On attendait beaucoup plus de Tatsuki, surtout après sa victoire en Argentine. Nous nous sommes alors dit « c’est très bien, c’est son année, il commence à briller ». Et puis il s’est complètement écroulé. On a discuté avec lui, et on lui a rappelé qu’il fallait qu’il apporte quelque chose à l’équipe et soutienne Jaume Masia. On aurait pu s’en séparer avant, on a attendu, et puis il y a eu trop de courses où il n’a pas marqué de points. Nous voulions nous séparer dans de bonnes conditions et ne pas être trop durs avec lui. D’ailleurs, on l’a laissé courir le GP du Japon chez lui, puis on lui a dit qu’on préférait faire rouler un pilote qui serait avec nous l’année prochaine. Il valait mieux entraîner Adrian Fernandez pour 2024, même sans points, plutôt que de conserver Suzuki qui va aller d’ailleurs remplacer Sasaki dans une équipe concurrente. C’était un choix logique finalement. Adrian a démontré qu’il pouvait se battre avec le groupe de devant, et il a pris 11 points en Australie, ce qui est important.
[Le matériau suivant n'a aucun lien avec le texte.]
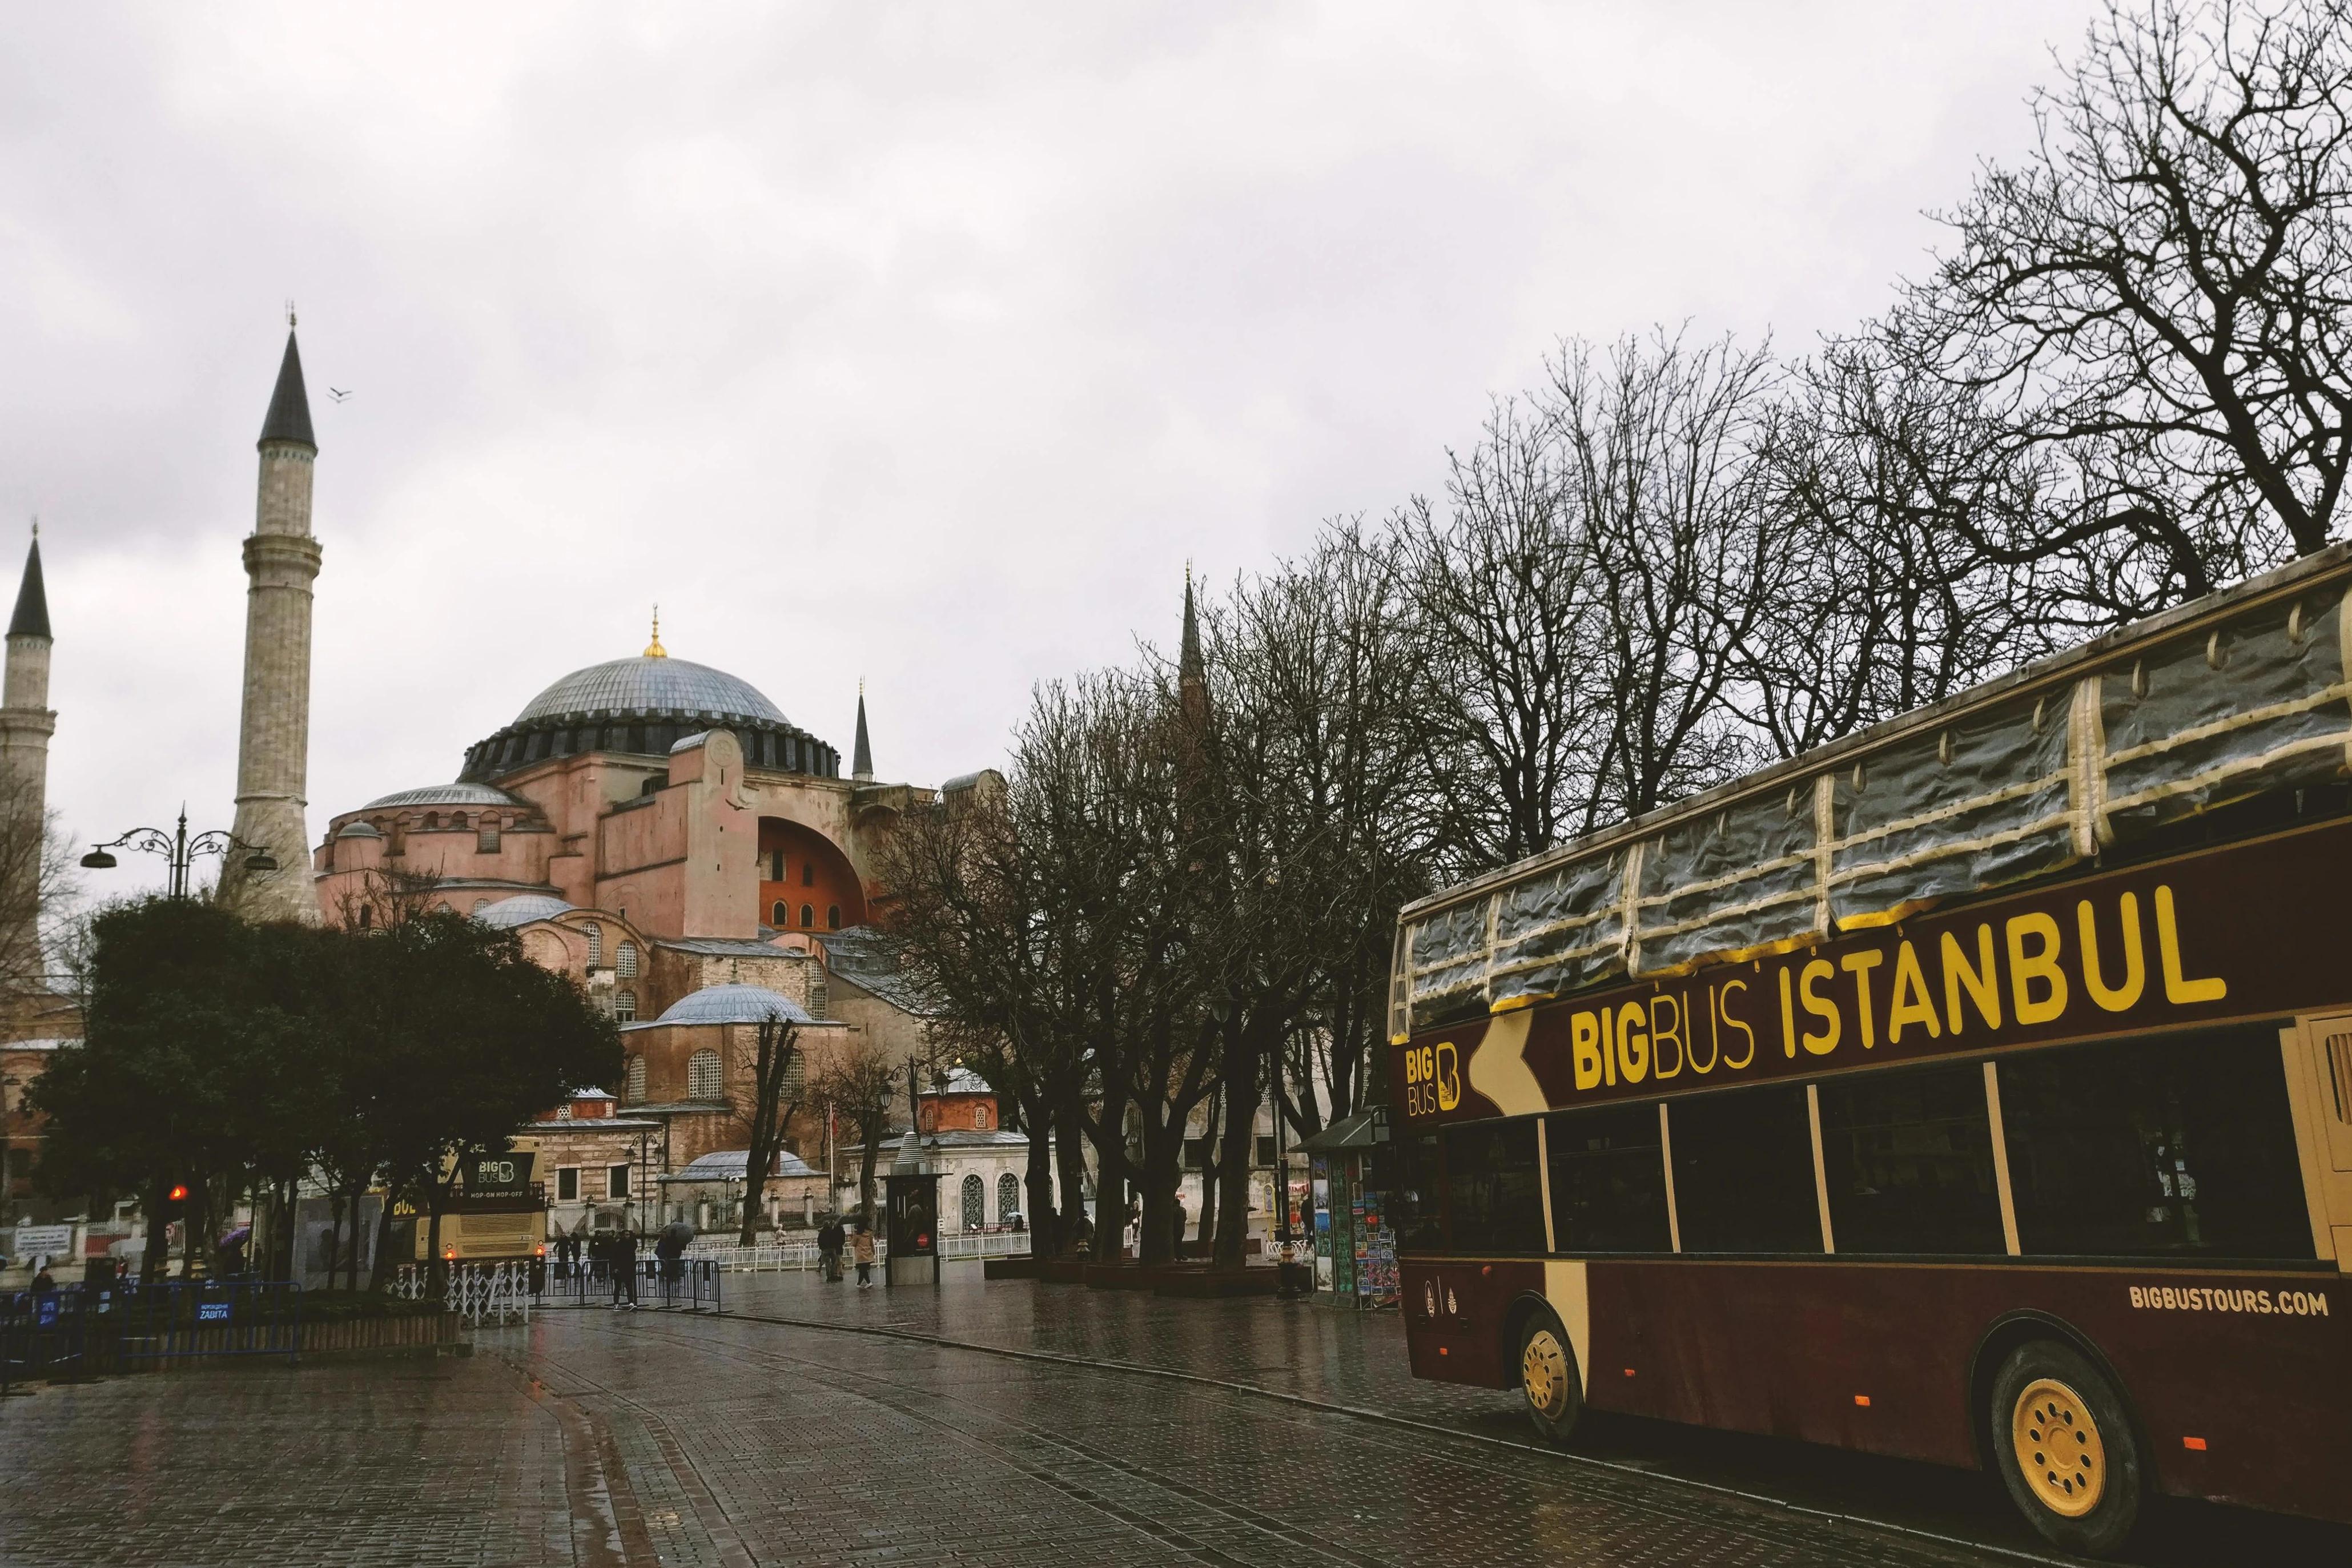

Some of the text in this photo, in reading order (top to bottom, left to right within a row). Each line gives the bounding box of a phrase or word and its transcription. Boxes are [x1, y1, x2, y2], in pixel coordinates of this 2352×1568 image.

[1779, 884, 2227, 1059] ISTANBUL
[1406, 1046, 1433, 1084] BIG
[1408, 1083, 1436, 1116] BUS
[479, 1161, 498, 1172] BIG
[479, 1172, 498, 1183] BUS
[200, 1310, 227, 1319] ZABITA
[2129, 1286, 2329, 1316] BIGBUSTOURS.COM
Avec 3 victoires cette année, Jaume Masiá réalise une des meilleures saisons de sa carrière. Après son premier passage chez Leopard, pourquoi est-il parti chez KTM Ajo avant de finalement revenir chez vous après deux saisons ?
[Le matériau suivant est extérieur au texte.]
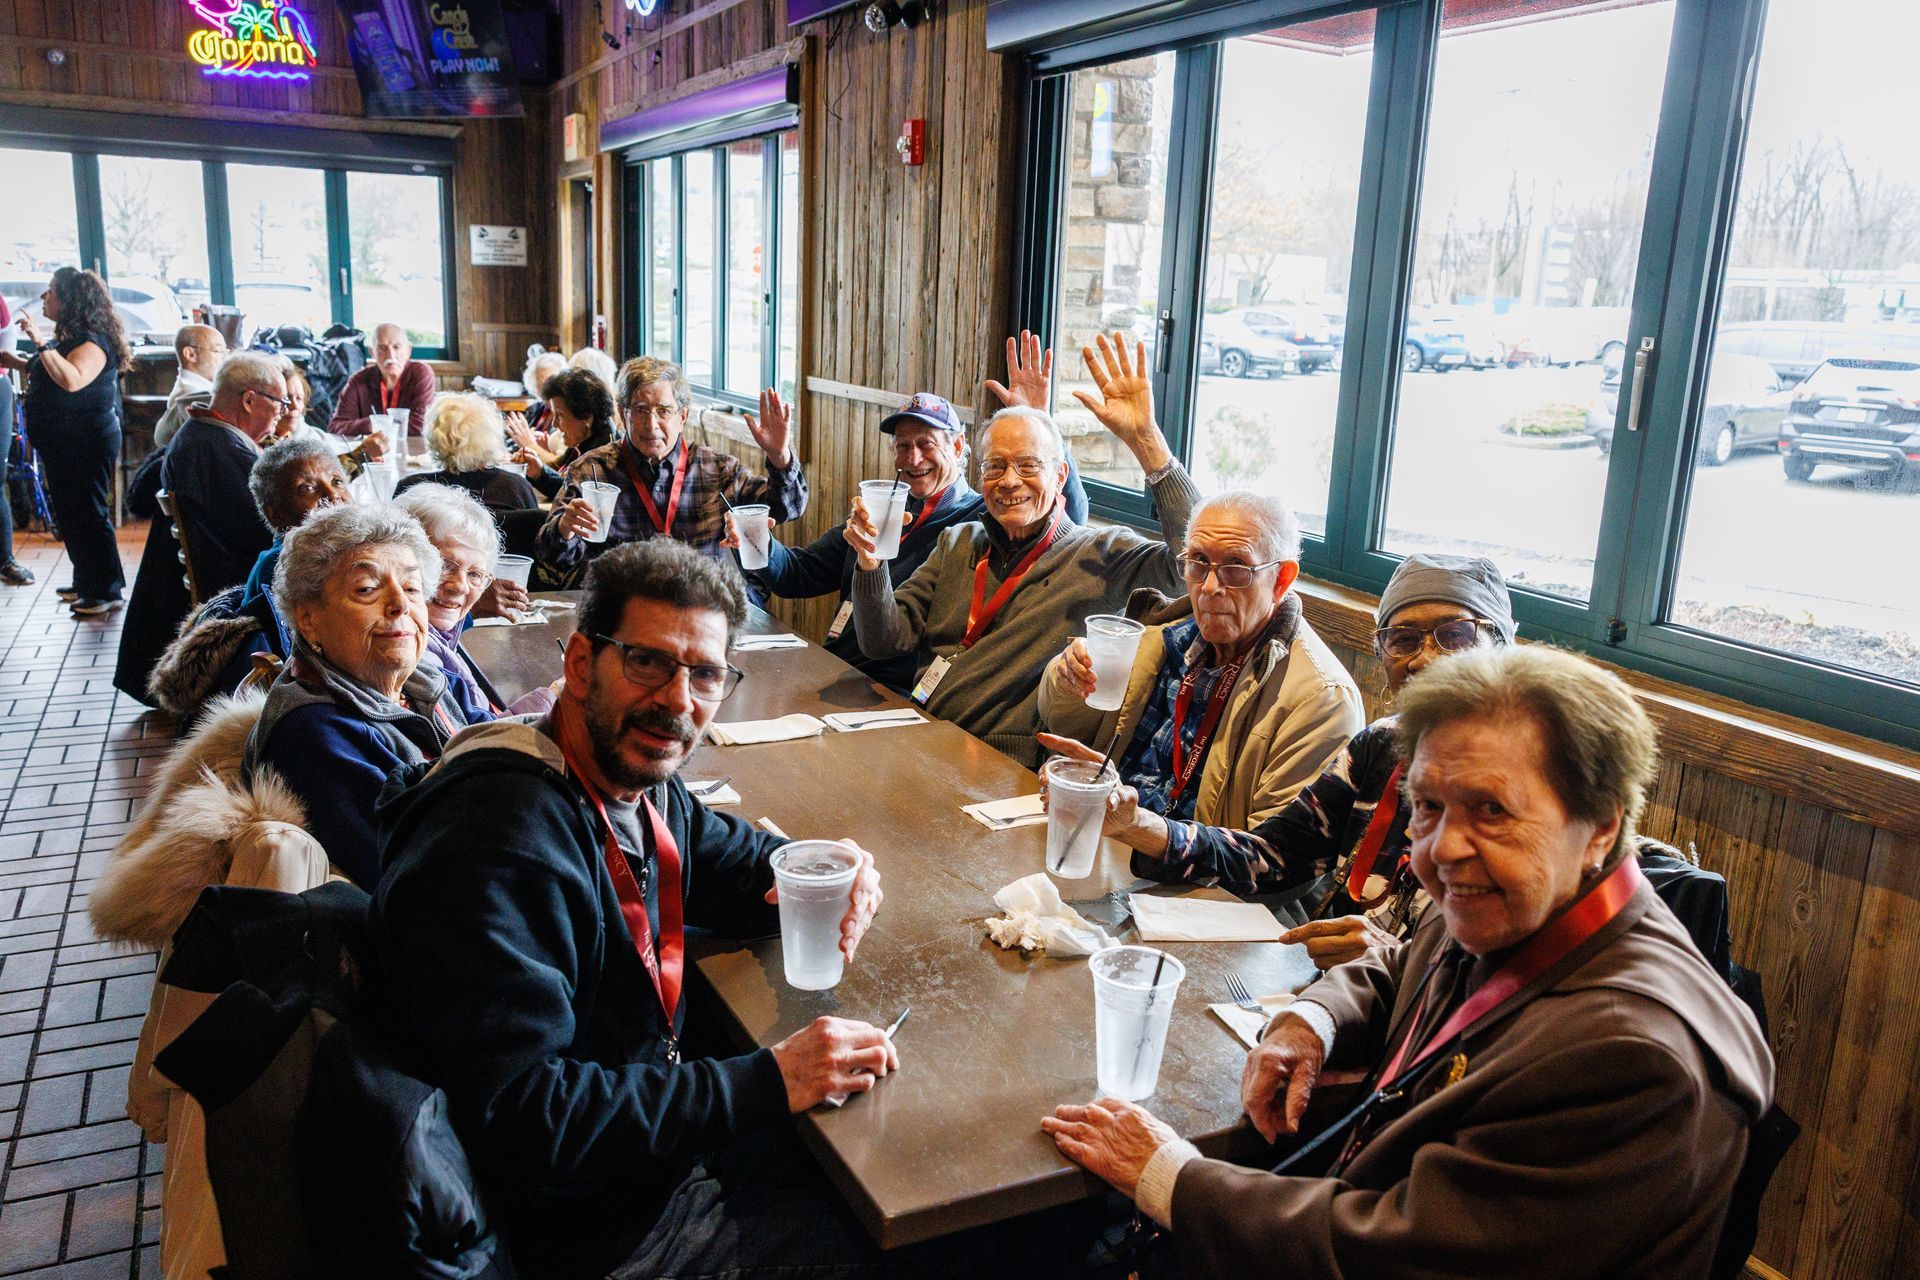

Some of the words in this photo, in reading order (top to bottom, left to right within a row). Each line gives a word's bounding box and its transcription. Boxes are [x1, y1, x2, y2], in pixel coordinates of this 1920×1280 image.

[188, 30, 305, 69] Corona
[430, 59, 464, 74] PLAY
[465, 57, 500, 73] NOW!
[1219, 663, 1241, 702] REGENCY
[1184, 744, 1203, 781] REGENCY
C’était un choix assez difficile à faire. En 2020, qui fut une année compliquée avec le covid, nous avions dans l’équipe Jaume et Dennis Foggia, et les deux avaient un contrat d’un an. Nous avions à l’époque l’équipe junior, et Xavier Artigas avait un contrat pour piloter chez nous en 2021. Il a donc fallu choisir entre Masia et Foggia. À l’époque, Masia était un peu meilleur, mais Foggia était en train d’arriver aussi. Ce n’était pas facile, on se demandait si avoir deux Espagnols était le bon choix, ou alors un Italien et un Espagnol… Le choix s’est joué sur des petits critères. On a gardé Foggia, avec lui une année on termine deuxième, une autre troisième. Il aurait pu gagner le championnat, mais on ne sait pas si Masia l’aurait gagné à sa place. On ne s’est en tout cas pas quitté en mauvais termes avec Jaume. Et pour 2023, il n’y avait vraiment pas beaucoup de bons pilotes libres et avec de l’expérience. On a donc reparlé avec lui et on a décidé de le reprendre. Il était également content de revenir chez nous après son passage chez KTM.
« On a toutes les KTM contre nous ! »
En parlant de KTM, c’est une véritable armada autrichienne qui se dresse face à vous dans ce championnat…
On a toutes les KTM contre nous ! Même si les motos s’appellent GasGas, CF Moto, ou Husqvarna. Ce sont toutes des équipes qui courent pour KTM et qui ne veulent pas qu’une Honda gagne. Ils vont sûrement tout faire pour aider Sasaki ou Holgado à gagner ce championnat. On est un peu seuls, et ce n’est pas évident. C’est pour cela qu’à côté de Jaume Masia, on a besoin d’un Adrian Fernandez pour le protéger.
Le duo de pilotes Leopard sera 100 % espagnol en 2024, avec Adrian Fernandez et Angel Piqueras. Comment êtes-vous parvenu à la conclusion que c’est la doublette idéale pour l’équipe ?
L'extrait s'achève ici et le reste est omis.